Em Portugal, a cor da pele – ou a raça ou etnia, termos que, em si mesmo, devem ser usados sempre com a máxima prudência, porque o wokismo está ao virar da esquina para tachar epítetos – é considerada um dado nominativo e, por esse motivo, quase nunca é recolhido para efeitos de estudos sociológicos, económicos, sociais ou sanitários.
Ora, mas como grande parte de toda a informação relevante para a elaboração de diagnósticos e de avaliação de políticas económicas, sociais e de saúde pública somente fazem sentido se a componente étnica e racial constituir uma variável com informação fiável, ficamos sempre às cegas.
Por exemplo, não conseguimos em Portugal comparar, com uma base minimamente rigorosa, qual o rendimento médio da população negra em comparação com a população de origem caucasiana; não conseguimos comparar o grau de qualificação da população de etnia cigana; e não conseguimos sequer saber qual a esperança média de vida e o impacte de determinadas doenças – por exemplo, a letalidade da covid-19, hélas – nas diferentes etnias que vivem no nosso país.
Não se sabe porque, ai Jesus!, seria uma promoção do racismo recolher essa informação sensível. E assim protegida a intimidade dos negros, assim ignoramos as carências da população negra. Assim protegida a intimidade da população cigana, assim a ignoramos e a estigmatizamos, com mitos e preconceitos.

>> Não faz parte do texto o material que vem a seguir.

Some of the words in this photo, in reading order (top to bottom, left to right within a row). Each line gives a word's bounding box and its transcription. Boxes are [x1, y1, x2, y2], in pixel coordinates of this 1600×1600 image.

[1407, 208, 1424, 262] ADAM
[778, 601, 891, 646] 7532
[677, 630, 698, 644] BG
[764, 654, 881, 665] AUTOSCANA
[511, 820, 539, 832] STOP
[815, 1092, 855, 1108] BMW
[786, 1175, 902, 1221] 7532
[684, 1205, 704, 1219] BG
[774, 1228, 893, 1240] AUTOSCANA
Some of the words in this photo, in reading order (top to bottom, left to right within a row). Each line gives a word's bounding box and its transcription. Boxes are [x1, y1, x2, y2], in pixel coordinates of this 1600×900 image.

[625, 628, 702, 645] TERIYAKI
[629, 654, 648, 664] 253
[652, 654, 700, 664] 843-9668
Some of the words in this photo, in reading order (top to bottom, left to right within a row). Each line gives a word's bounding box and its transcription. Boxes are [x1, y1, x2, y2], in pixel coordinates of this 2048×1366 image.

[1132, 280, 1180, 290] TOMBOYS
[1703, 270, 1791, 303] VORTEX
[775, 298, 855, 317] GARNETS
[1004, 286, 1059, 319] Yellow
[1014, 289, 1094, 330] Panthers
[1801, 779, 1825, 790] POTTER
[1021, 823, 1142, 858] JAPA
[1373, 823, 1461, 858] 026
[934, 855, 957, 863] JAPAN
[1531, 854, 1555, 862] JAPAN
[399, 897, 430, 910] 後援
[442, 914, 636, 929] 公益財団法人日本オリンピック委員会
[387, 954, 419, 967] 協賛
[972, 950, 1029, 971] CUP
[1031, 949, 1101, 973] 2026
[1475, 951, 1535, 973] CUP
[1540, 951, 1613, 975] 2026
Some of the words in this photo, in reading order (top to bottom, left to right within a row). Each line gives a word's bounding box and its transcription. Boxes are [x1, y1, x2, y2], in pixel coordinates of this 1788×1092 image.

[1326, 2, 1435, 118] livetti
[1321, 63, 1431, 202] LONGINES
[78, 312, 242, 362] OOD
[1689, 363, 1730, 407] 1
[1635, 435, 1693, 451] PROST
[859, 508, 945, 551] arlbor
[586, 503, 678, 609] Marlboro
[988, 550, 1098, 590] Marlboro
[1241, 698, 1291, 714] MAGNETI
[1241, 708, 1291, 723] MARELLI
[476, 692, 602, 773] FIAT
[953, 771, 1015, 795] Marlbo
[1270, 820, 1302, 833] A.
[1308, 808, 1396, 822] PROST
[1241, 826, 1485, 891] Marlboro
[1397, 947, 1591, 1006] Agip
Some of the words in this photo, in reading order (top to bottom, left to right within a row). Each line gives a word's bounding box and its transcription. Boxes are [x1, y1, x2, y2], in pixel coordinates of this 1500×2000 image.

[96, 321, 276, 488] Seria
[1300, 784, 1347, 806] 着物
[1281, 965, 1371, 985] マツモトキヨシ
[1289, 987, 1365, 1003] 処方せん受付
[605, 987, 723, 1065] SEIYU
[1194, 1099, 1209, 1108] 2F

O racismo é, na verdade, o reflexo da ignorância, de um medo tantas vezes infundado ao desconhecido. O racismo alimenta-se do desconhecimento, da congeminação de preconceitos, da alimentação de estigmas, de mitos, do boato.
Esta reflexão sobre a forma como em Portugal se colocam sempre mil obstáculos em incluir a variável étnica em estudos – e de isso ser, para mim, um acto de perpetuação do racismo e da discriminação –, surge a propósito de dados divulgados na sexta-feira passada no The New York Times sobre o impacte da pandemia – covid-19 e outras doenças – naquele Estado norte-americano.
Ora, como se sabe, o sistema de saúde norte-americano não é universal, estando muito dependente do tipo de seguro individual e, obviamente, dos rendimentos. E existem enormes diferenças em função das etnias, que não está associada a questões genéticas.
No Estado de Nova Iorque, mesmo antes da pandemia, a esperança média de vida da população negra não chegava sequer aos 79 anos, sendo três anos inferior à da população branca e hispânica.
Em 2020, com o impacte da covid-19 e de toda a desestabilização dos serviços de saúde nos Estados Unidos, sendo certo que a queda da esperança média de vida foi substancial e generalizada em todas as etnias – muito pela elevada mortalidade na população idosa –, a população negra e hispânica foram as mais afectadas comparando com a (mais rica) população branca.
Enquanto a “perda” no primeiro ano na população hispânica – que pela alimentação mais saudável era até superior à população branca em 2019 – e na população negra foi de seis anos (passando de cerca de 83 anos para 77,3; e de um pouco menos de 79 para 73 anos –, a “queda” na população branca foi de três anos, passando para 80,1 anos.
Este indicador demonstra não apenas um impacte das políticas económicas, sociais e de saúde antes como durante a pandemia, mostrando que o impacte das doenças não atinge todos por igual.
E em Portugal, o que sucedeu?
Não se sabe, porque não se pode saber. Saber seria ser-se racista.
Mas conhecerem-se esses dados permitiria que os políticos não tivessem a desculpa da ignorância para não actuarem, para não corrigirem essas desigualdades absurdas. E não corrigirem as desigualdades, supostamente evidentes mas não quantificáveis, logo não “avaliáveis” (em termos de diagnóstico e de avaliação de medidas), isso sim, é que é um acto de perpétuo racismo.
Por isso, quando se defende em Portugal que a recolha de dados étnicos se mostrará sempre uma atitude intolerável, discriminatória e mesmo racista, eu acho exactamente o contrário: racismo é a manutenção desta ignorância sobre dados fundamentais para se definirem políticas sociais que combatam as desigualdades, a discriminação e o “negócio da lamúria”.
Para deixar de se ser racista, convém conhecermos como vive cada uma das nossas etnias. Somente assim se eliminam os preconceitos e se ganha empatia e se promove a equidade, e por fim a igualdade de oportunidades.